The mother of an 8-year-old boy has filed a federal lawsuit claiming her son - a student with special needs - choked on a piece of pineapple in the cafeteria at Bass Elementary in Las Vegas on Feb. 25, 2025 and never recovered. According to the complaint, the child was declared brain dead and died on March 2, 2025 after school staff allegedly failed to provide life-saving aid.
What the complaint alleges
As reported by the Daily Mail, the suit was filed in U.S. District Court for the District of Nevada by attorney Amanda Corbala and names special-education aide Teresa Holve along with the Clark County School District. The complaint claims Holve directed the boy out of the cafeteria instead of performing CPR and alleges she "acted with deliberate indifference" to his need for help. Surveillance images attached to the filing reportedly show the child gesturing for help and patting his back while a school employee points him toward the exit.

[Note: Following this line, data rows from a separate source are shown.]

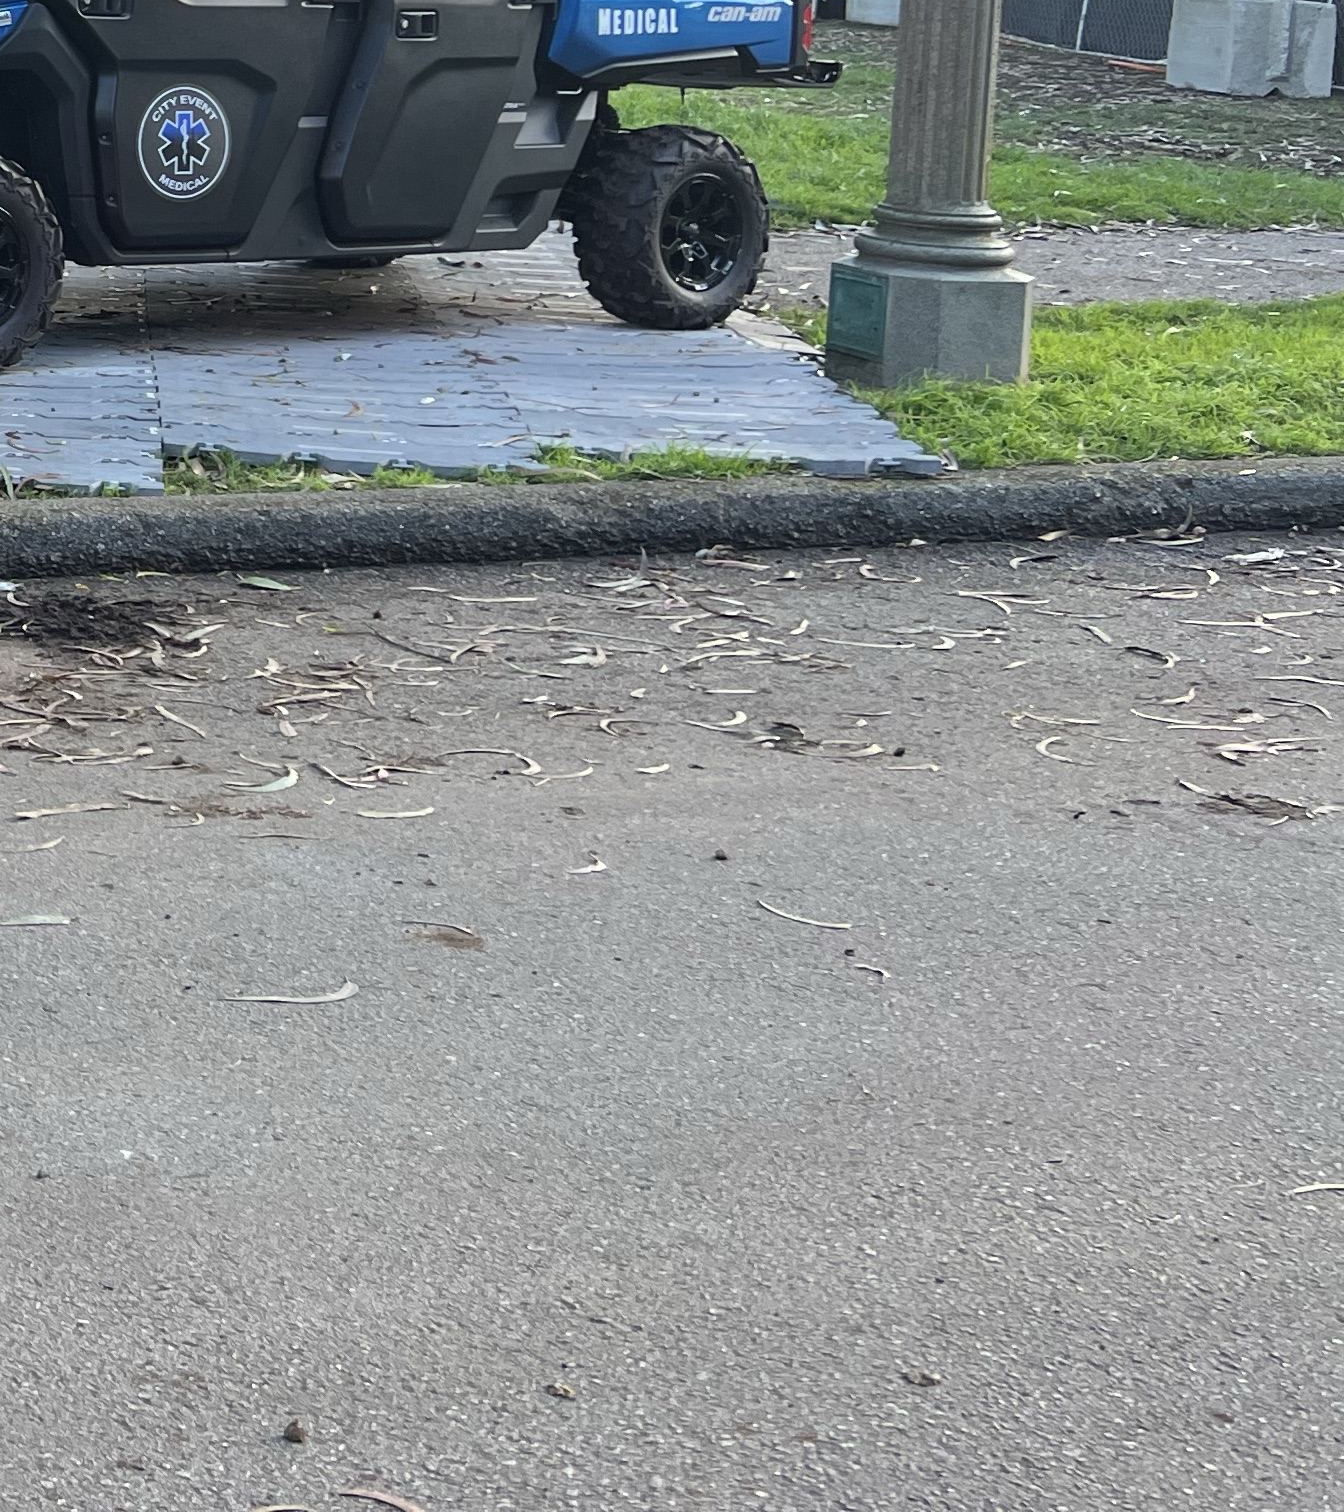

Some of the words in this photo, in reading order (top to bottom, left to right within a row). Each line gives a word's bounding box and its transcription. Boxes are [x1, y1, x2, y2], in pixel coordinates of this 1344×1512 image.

[598, 7, 679, 36] MEDICAL
[707, 6, 782, 22] can-am
[152, 96, 178, 122] CITY
[180, 94, 218, 120] EVENT
[158, 174, 209, 191] MEDICAL

Timeline and school details
The complaint places the choking incident inside the cafeteria at Bass Elementary on Feb. 25, 2025. Bass Elementary is part of the Clark County School District and is listed at 10377 Rancho Destino Road in southeast Las Vegas in the district's directory. The family says emergency medical technicians later removed a chunk of pineapple from the boy's airway with their fingers and that hospital staff diagnosed him with an anoxic brain injury. The suit alleges first responders arrived roughly 15 minutes after the aide directed the child out of the cafeteria.

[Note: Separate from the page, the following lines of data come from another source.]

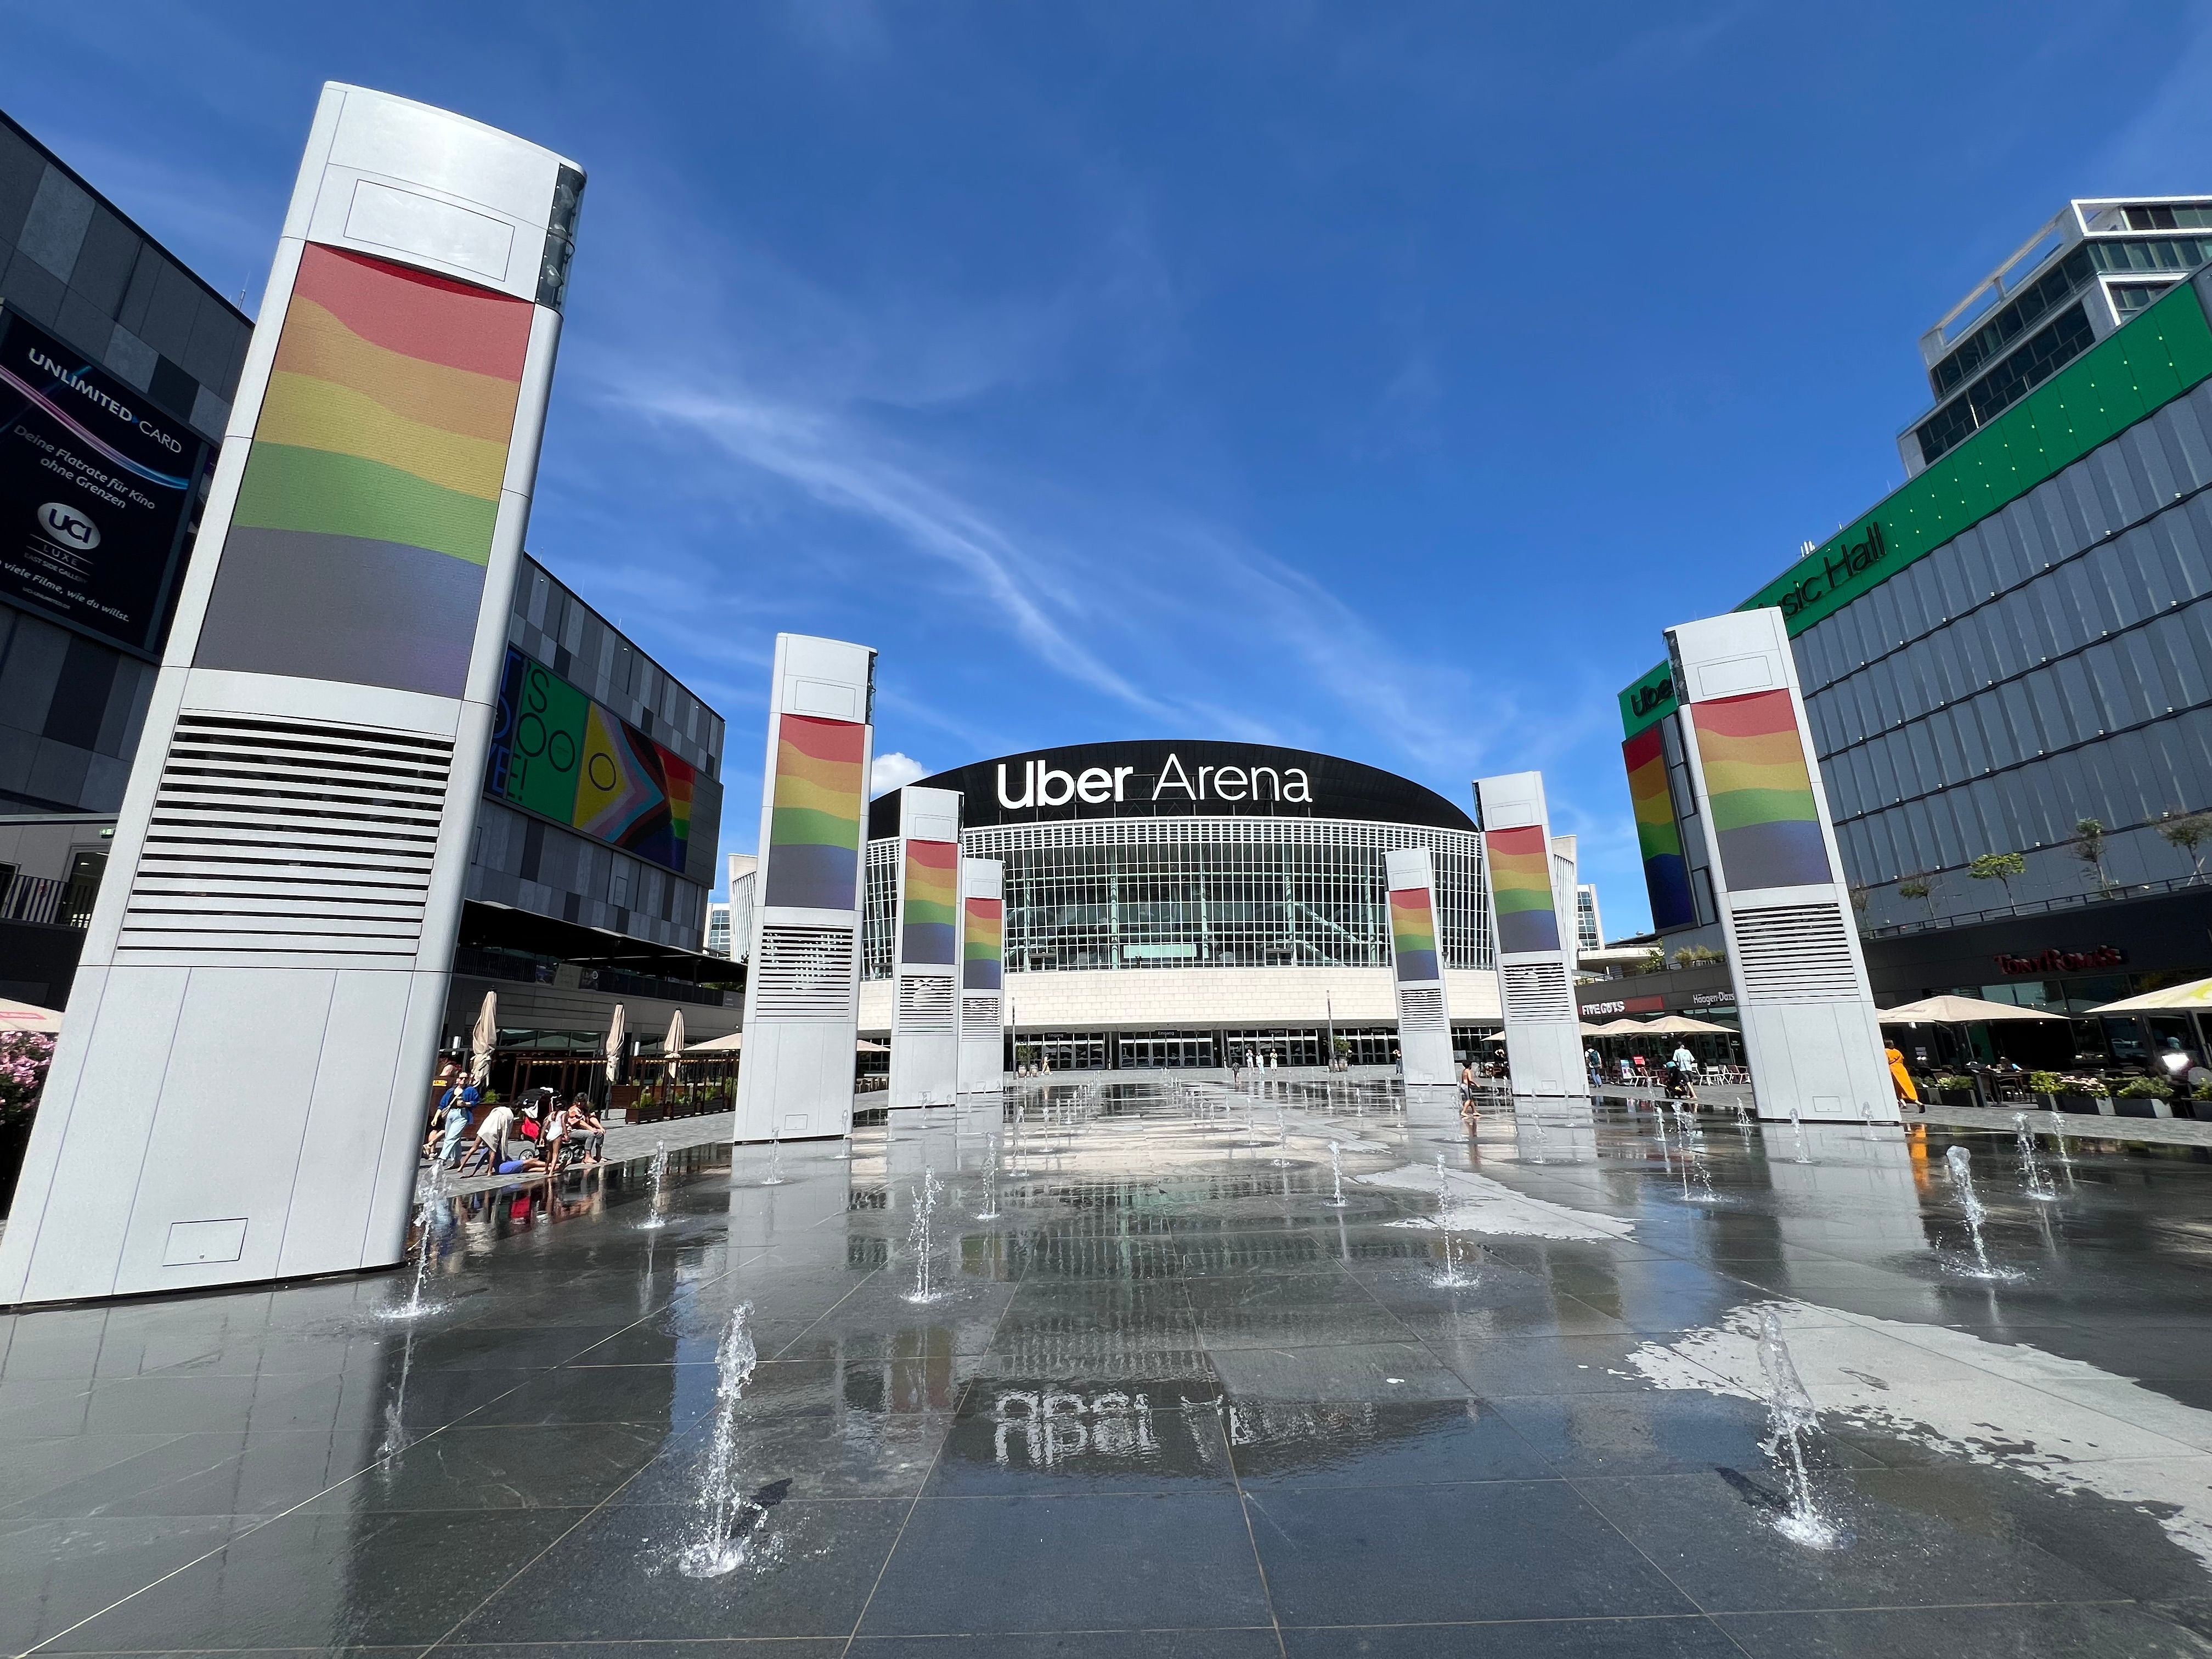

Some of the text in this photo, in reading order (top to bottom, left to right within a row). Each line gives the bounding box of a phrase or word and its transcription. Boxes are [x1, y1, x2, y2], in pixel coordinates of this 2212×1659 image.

[29, 348, 182, 453] UNLIMITED CARD
[14, 425, 155, 509] Deine Flatrate für Kino
[40, 458, 126, 509] ohne Grenzen
[49, 508, 92, 544] UCI
[43, 545, 79, 566] LUXE
[1776, 521, 1886, 617] sic Hall
[4, 563, 31, 579] viele
[67, 590, 85, 602] wie
[86, 599, 99, 608] du
[998, 753, 1313, 809] Uber Arena
[1582, 1001, 1625, 1015] FIVE GUYS

Legal case and possible exposure
According to the Daily Mail, the complaint accuses the district of placing the child in a "position of particularized danger," failing to properly train the aide, and committing abuse or neglect of a vulnerable person. The suit seeks damages and asks the court to hold both the district and Holve accountable for what the mother calls a preventable death. Those allegations will be weighed in federal court as the case moves forward.
Why training and quick intervention matter
First-aid guidance emphasizes that fast, appropriate action during a choking emergency - including back blows and abdominal thrusts for someone who is still conscious, along with careful removal of visible obstructions when it is safe to do so - can be the difference between life and death. The American Heart Association recommends that visible airway blockages be removed by hand and that CPR and automated external defibrillators be used when a person has no pulse or is not breathing, which makes staff training and readiness critical in school settings. The complaint specifically alleges the aide knew CPR but did not perform it, a key point that will be examined in court.
At this stage, the family's complaint, the surveillance images referenced in the filing, and the district directory listing for Bass Elementary are the primary public records available. The case is set to play out in U.S. District Court and could bring renewed scrutiny to how aides who work with medically vulnerable students are trained and supervised.